In spite of high unemployment numbers, there’s a lot of fat in the workplace—and it’s costing a bundle. With studies over the past three years showing that American workers’ expanding waistlines are impacting corporate bottom lines even more dramatically than previously thought, through increased health care costs and decreased productivity, major corporations are taking action.
They can’t afford not to. Two thirds of Americans are obese or overweight today. And as their health goes, so goes that of their employers. Health costs alone are an estimated $147 billion annually according to the Centers for Disease Control (CDC). And private employers are hit with an estimated $45 billion a year in medical expenditures and work loss, according to a 2008 report by the Conference Board (the latest report available).
At Advocate Health Care, one of the largest health care providers in the Midwest, obesity cost nearly $6 million in lost productivity last year alone. That’s six times as much as the costs attributed to smoking. “Through our health-risk assessment, 69 percent of our population is overweight,” said Nicole Martel, senior manager for fitness and wellness at Advocate. “This is a huge focus for us.”
Losing Pounds or Losing Business
States and communities with high obesity rates also have a lot to lose. “F as in Fat: How Obesity Threatens America’s Future 2010,” a report last month from advocacy organization Trust for America's Health and the Robert Wood Johnson Foundation, said businesses are reluctant to locate to areas where workplace pools are unhealthy. Those unhealthy “sites” are proliferating. Adult obesity rates have now jumped in 28 states, with 38 states declaring adult obesity rates above 25 percent, according to the report. Ten years ago not a single state had an obesity rate above 20 percent.
Obesity is called a gateway condition because it can lead to heart disease, diabetes, and hypertension. But overweight employees pay for their girth in other ways. For starters, they can be vulnerable to pervasive weight discrimination. A Chicago-area recruiter who requested anonymity recalled an impressive job candidate who was very professional, had all the right credentials, and did well in the telephone screening. But when she brought the candidate in for a face-to-face interview, she was shocked at his physical size. “The HR director of the company said to me afterward, ‘I’d be very hesitant to hire a guy like him because he clearly has something going on.’”
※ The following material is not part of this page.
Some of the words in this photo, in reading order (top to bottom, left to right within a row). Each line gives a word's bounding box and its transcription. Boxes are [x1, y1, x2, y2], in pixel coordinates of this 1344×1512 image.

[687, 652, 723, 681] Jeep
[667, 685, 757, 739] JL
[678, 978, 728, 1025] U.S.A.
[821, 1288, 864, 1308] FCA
“Weight discrimination has increased 66 percent over the past ten years," said Rebecca Puhl, director of research and weight stigma initiatives for the Rudd Center for Food Policy and Obesity at Yale University. “It’s very pervasive and hard to prove. Employers can mask the real reasons for refusing to hire someone.” Also, “obese women earn six percent less for the same work. Men earn three percent less."
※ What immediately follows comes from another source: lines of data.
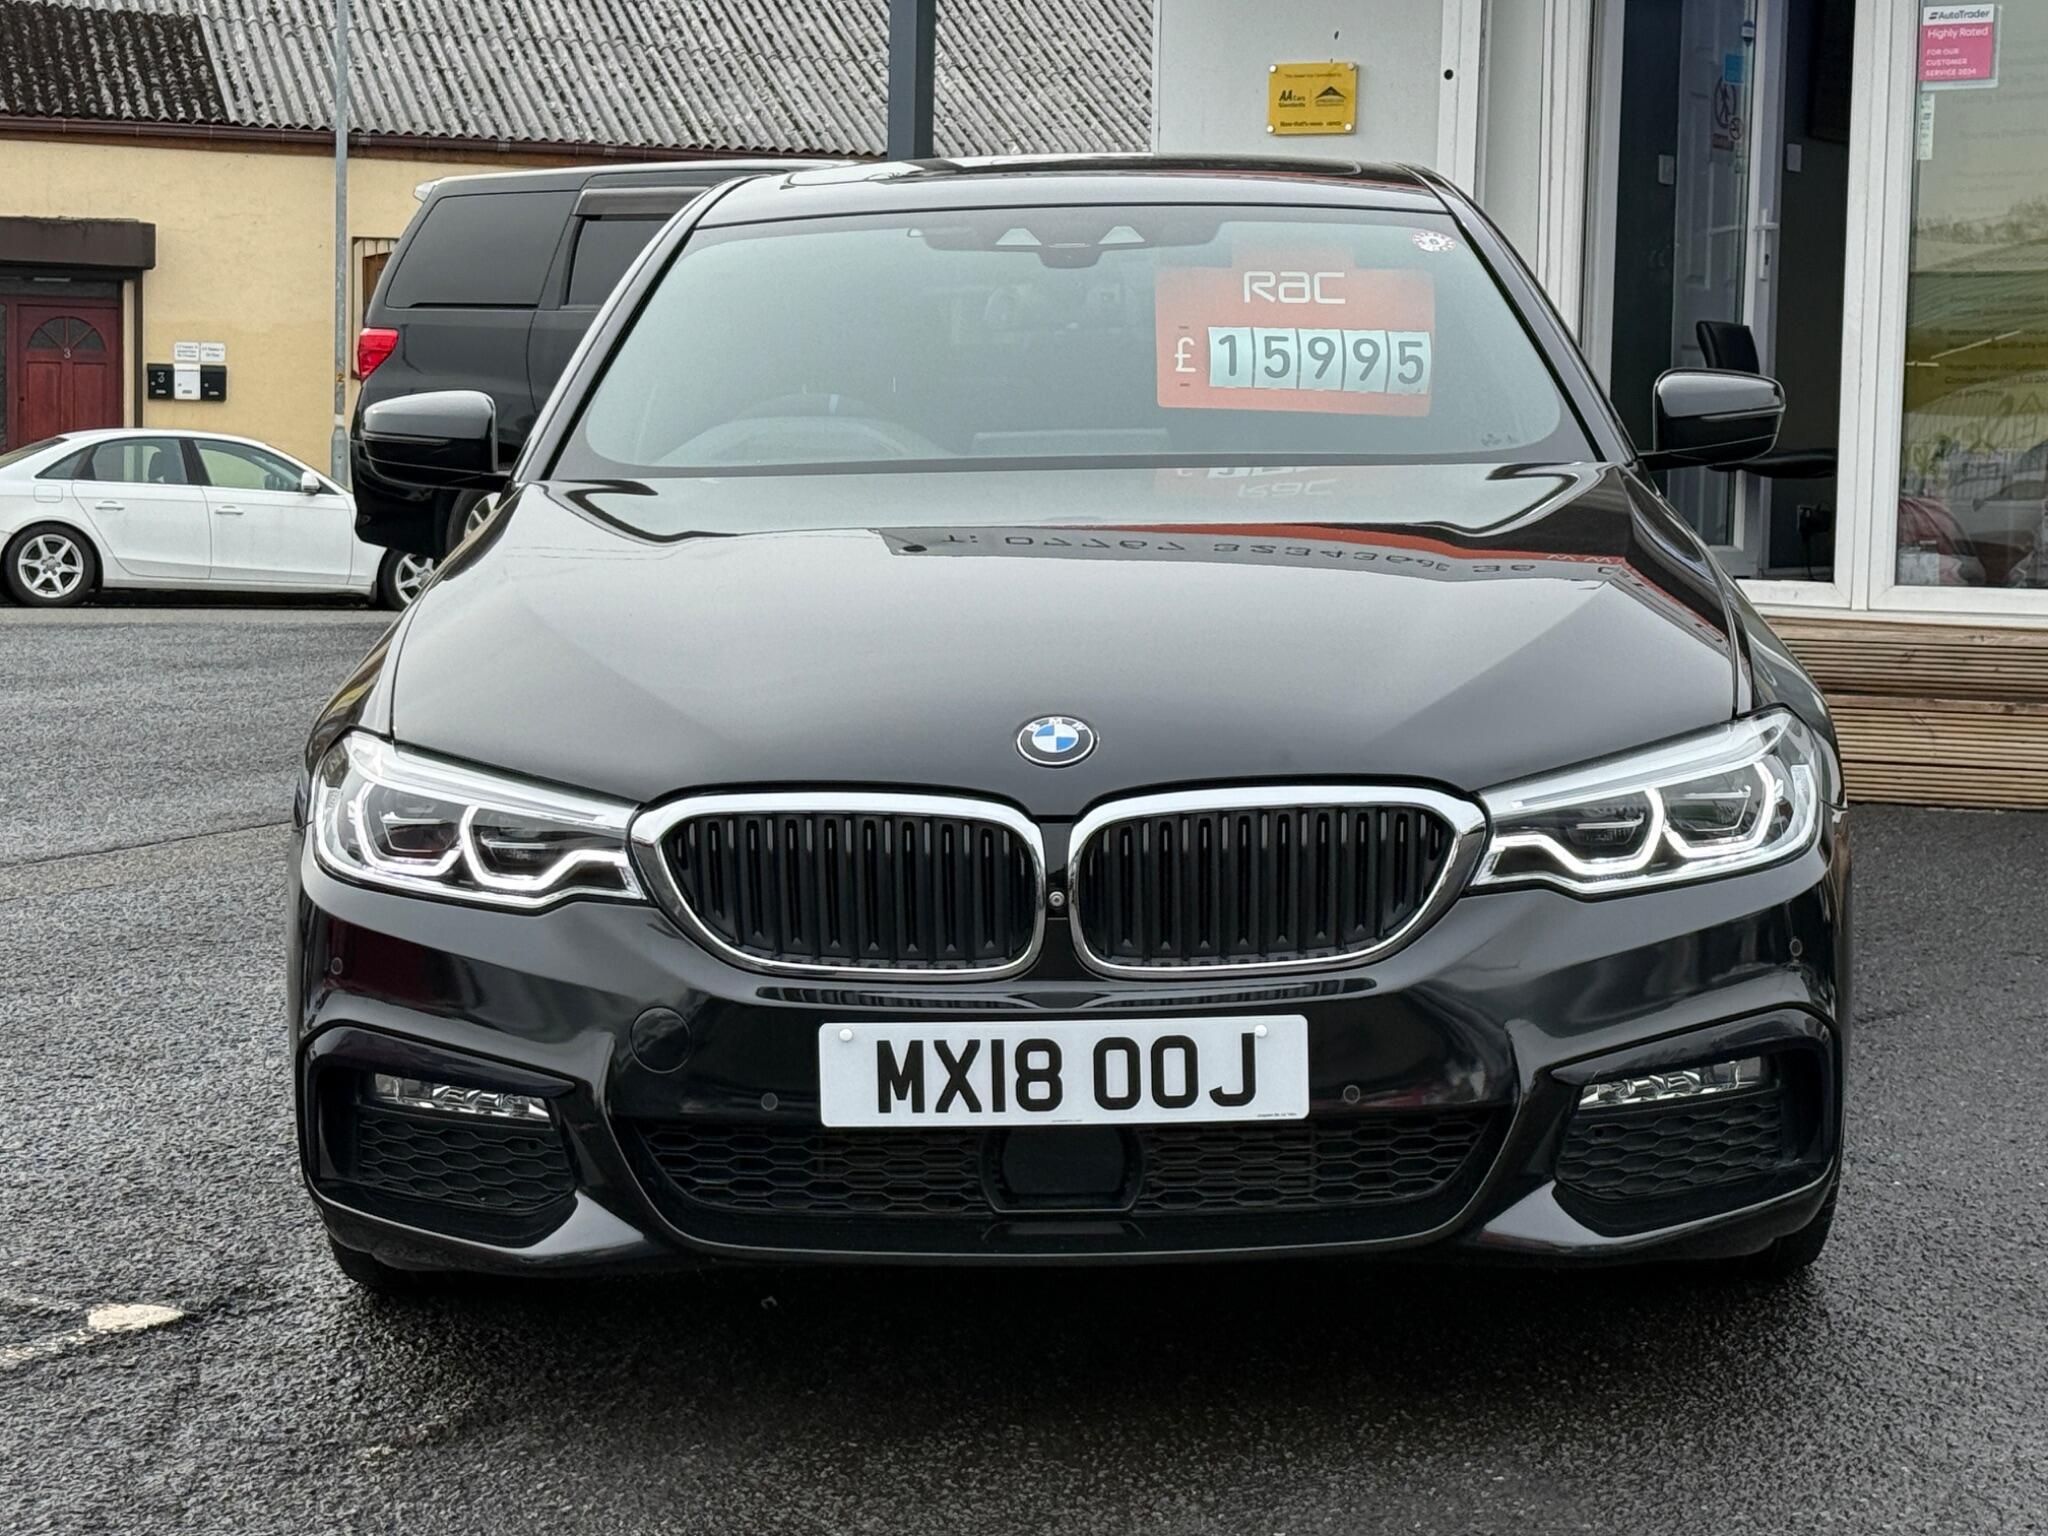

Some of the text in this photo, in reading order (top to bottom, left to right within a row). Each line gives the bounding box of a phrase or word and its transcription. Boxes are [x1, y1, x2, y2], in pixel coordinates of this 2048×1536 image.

[1938, 9, 1990, 20] AutoTrader
[1928, 27, 1989, 39] Highly Rated
[1925, 58, 1968, 66] CUSTOMER
[1279, 89, 1293, 101] AA
[64, 348, 71, 359] 3
[876, 1032, 1257, 1114] MX18 OOJ
Significant Corporate Investments
In an effort to reduce costs, more companies are offering proactive wellness programs to their employees. IBM spends more than 1.3 billion a year on health care for the 450,000 employees, retirees, and family members it covers in the United States. Between 2005 and 2007, the company saved $190 million in health care costs because employees took responsibility for adopting healthier behaviors.
To assist employers in establishing obesity-prevention programs, the CDC recently established LEAN Works, a free web-based resource. “Employers realized several years ago that to slow [their health care] cost increases, they had to do a lot more than just treat people when they’re sick,” said Peter Hotz, a group vice president at Walgreen’s.
Advocate Health Care offers its 24,000 employees and their dependents an incentive point program. Participants can earn a $200 credit toward a reimbursement account for medical expenses as well as points for participating in sponsored programs. Cash cards worth $100 are awarded in bimonthly raffles, and an annual grand prize raffle offers the top prize of $5,000.
But companies can go even further. Linda Barrington, who co-wrote the Conference Board report and is managing director at the Institute for Compensation Studies at Cornell University, said, “Employers [should] think about the sort of draconian measures that New York’s mayor Michael Bloomberg has taken in forcing all restaurants to put calorie counts on the menus. It’s actually had a measurable impact. If you tell people how many calories [they consume,] they’re going to make healthier choices.”